A hybrid porous collagen scaffold mechanically reinforced with surface-activated poly(lactic acid) (PLA) fiber was prepared. PLA fibers, 20 μm in diameter and 1 mm in length, were aminolyzed with hexanediamine to introduce free amino groups on the surfaces. After the amino groups were transferred to aldehyde groups by treatment with glutaraldehyde, different amounts (1.5, 3, 5 and 8 mg) of surface-activated PLA fibers were homogeneously mixed with 2 ml type-I collagen solution (pH 2.8, 0.6 wt%). This mixture solution was then freeze-dried and cross-linked to obtain collagen sponges with surface-activated PLA fiber. Scanning electron microscopy observation indicated that the collagen sponges had a highly interconnected porous structure with an average pore size of 170 μm, irrespective of PLA fiber incorporation. The dispersion of surface-activated PLA fibers was homogeneous in collagen sponge, in contrast to unactivated PLA fibers. The compression modulus test results showed that, compared with unactivated PLA fibers, the surface-activated PLA fibers enhanced the resistance of collagen sponge to compression more significantly. Cytotoxicity assay by MTT test showed no cytotoxicity of these collagen sponges.
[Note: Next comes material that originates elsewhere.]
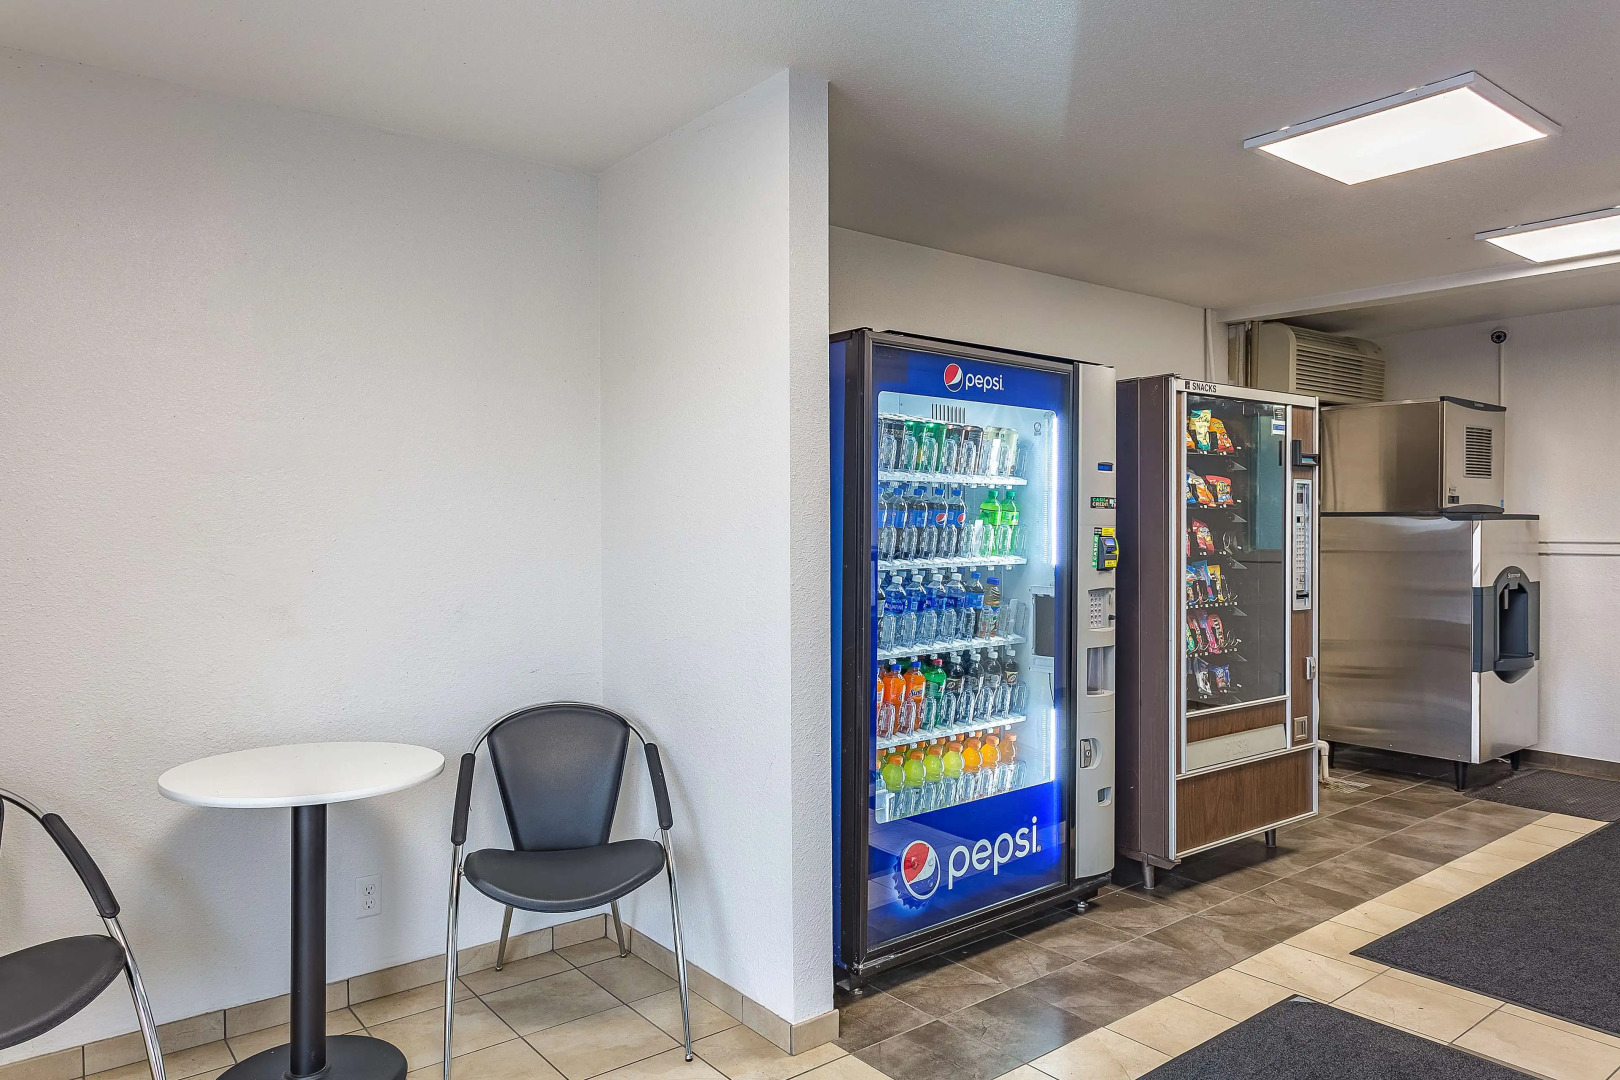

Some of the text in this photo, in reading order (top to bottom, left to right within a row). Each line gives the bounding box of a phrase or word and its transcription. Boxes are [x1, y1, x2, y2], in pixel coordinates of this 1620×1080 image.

[965, 373, 1003, 393] pepsi
[1192, 382, 1217, 393] SNACKS
[948, 816, 1038, 890] pepsi
L929 mouse fibroblast cell-culture studies in vitro revealed that the number of L929 cells attached to the collagen sponge with surface-activated PLA fibers, both 6 h and 24 h after seeding, was higher than that in pure collagen sponge and sponge with unactivated PLA fibers. In addition, a better distribution of cells infiltrated in collagen sponge with surface-activated PLA fibers was observed by histological staining. These results indicated that the collagen sponge reinforced with surface-activated PLA fibers is a promising biocompatible scaffold for tissue engineering.